Task requirements
Restate the data below word for word. Skip any images it contains.

Source data
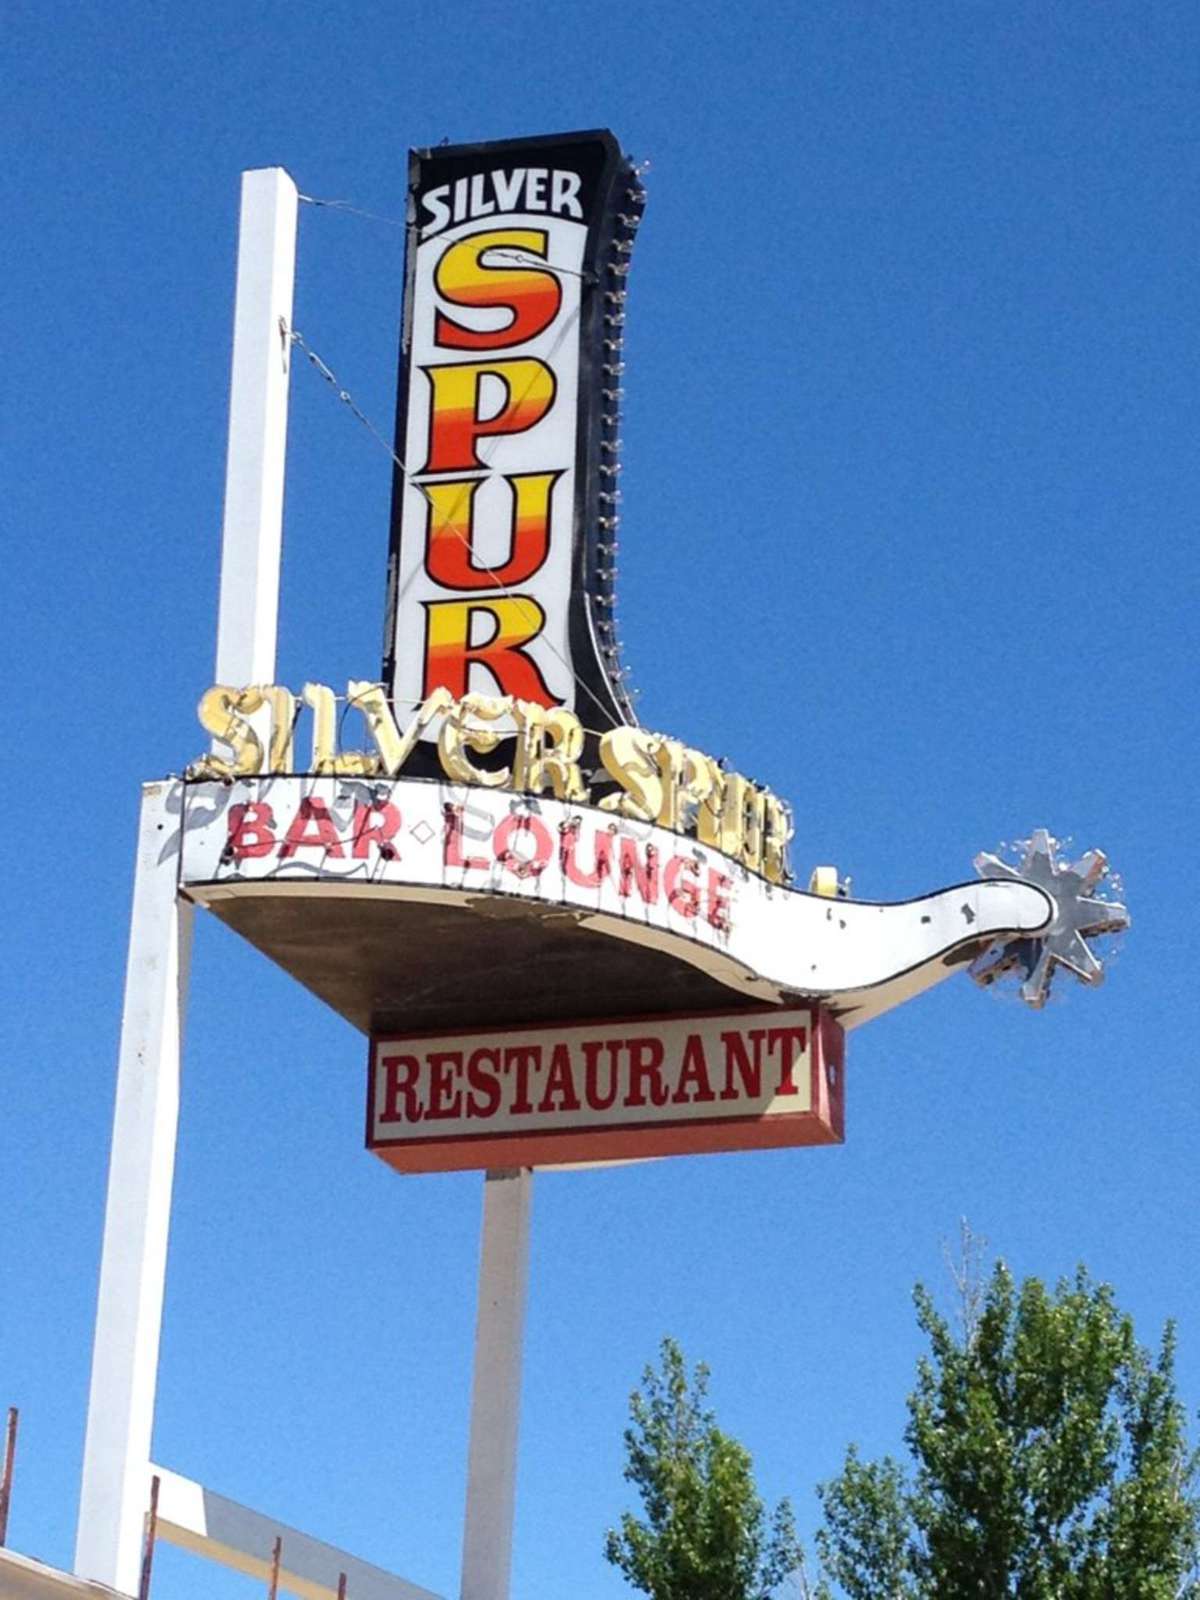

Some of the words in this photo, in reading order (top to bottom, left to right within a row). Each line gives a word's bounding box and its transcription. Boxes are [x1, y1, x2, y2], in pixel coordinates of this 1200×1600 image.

[420, 167, 584, 239] SILVER
[411, 227, 569, 711] SPUR
[226, 796, 402, 862] BAR
[443, 802, 735, 933] LOUNGE
[379, 1026, 807, 1124] RESTAURANT
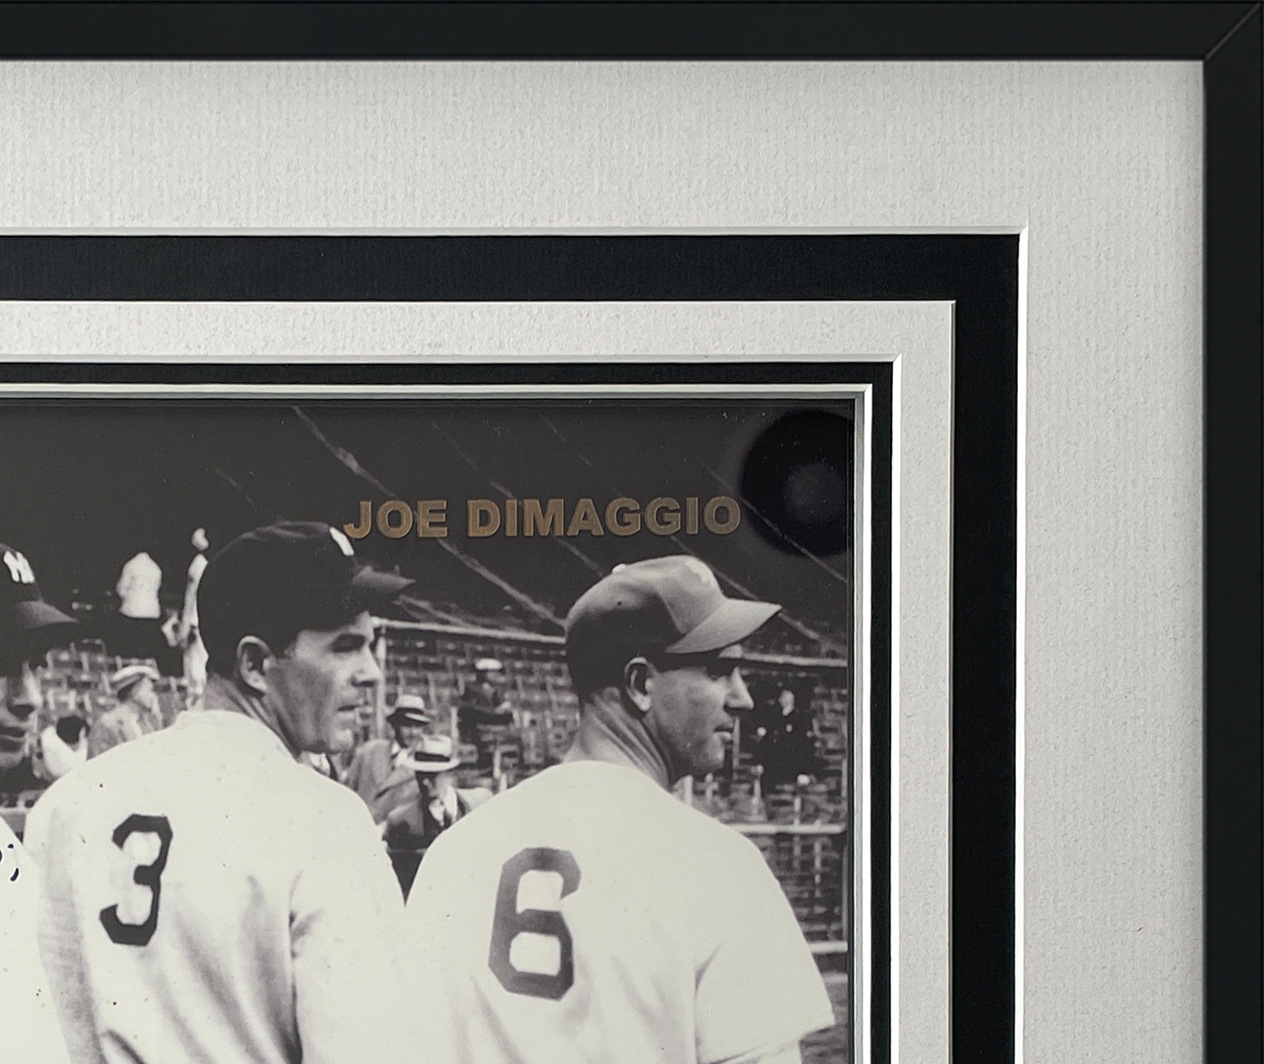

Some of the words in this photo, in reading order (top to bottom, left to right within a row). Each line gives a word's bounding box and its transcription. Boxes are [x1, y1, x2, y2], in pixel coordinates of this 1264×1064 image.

[343, 500, 447, 539] JOE
[468, 498, 741, 539] DIMAGGIO
[99, 814, 172, 946] 3
[488, 847, 581, 999] 6
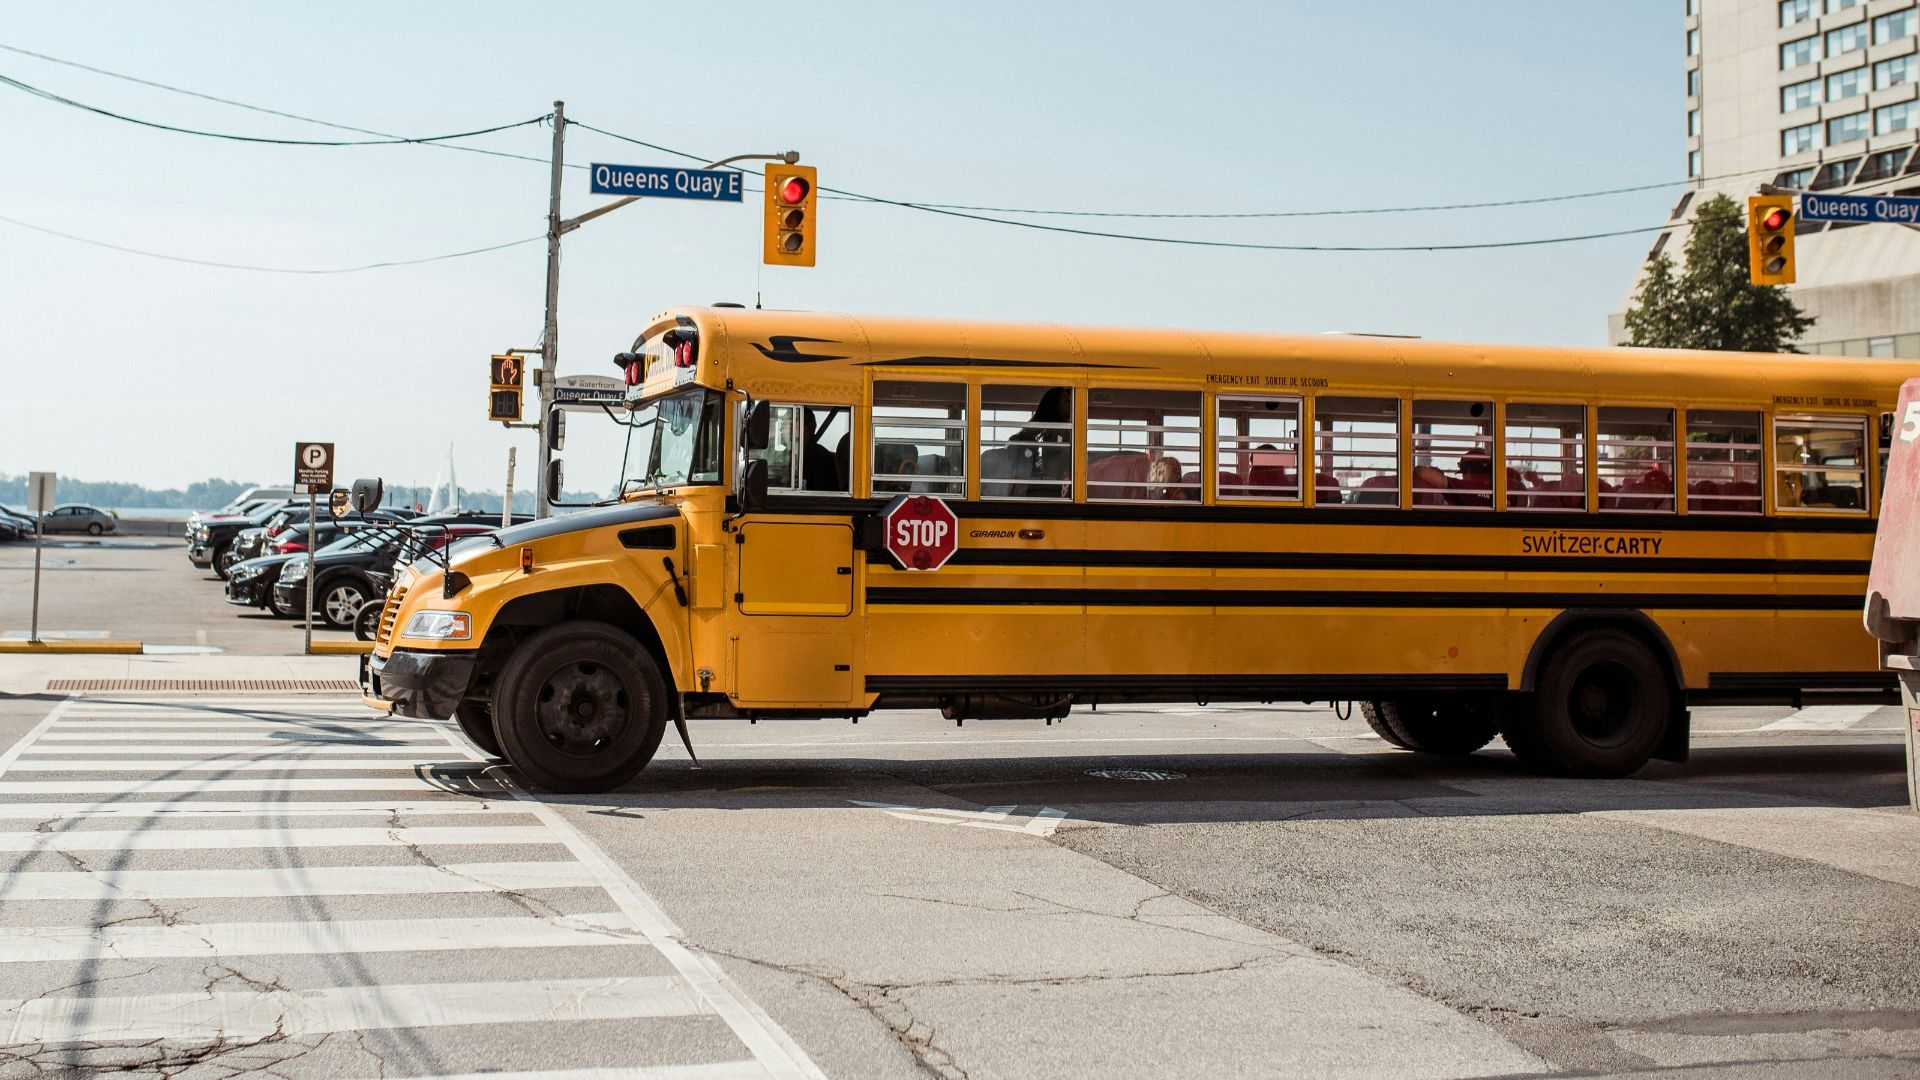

Result of this exercise
Some of the words in this photo, in reading order (top to bottom, left to right within a row). Each line gives a word's bounding box and its transcription. Boxes are [x1, y1, x2, y2], in pixel coordinates of this 1200×1600 image.

[420, 167, 584, 239] SILVER
[411, 227, 569, 711] SPUR
[226, 796, 402, 862] BAR
[443, 802, 735, 933] LOUNGE
[379, 1026, 807, 1124] RESTAURANT

Some of the words in this photo, in reading order (top to bottom, left to right within a row). Each line gives a word's bounding box and its transcription. Boxes are [x1, y1, x2, y2], in pixel coordinates of this 1264×1064 image.

[343, 500, 447, 539] JOE
[468, 498, 741, 539] DIMAGGIO
[99, 814, 172, 946] 3
[488, 847, 581, 999] 6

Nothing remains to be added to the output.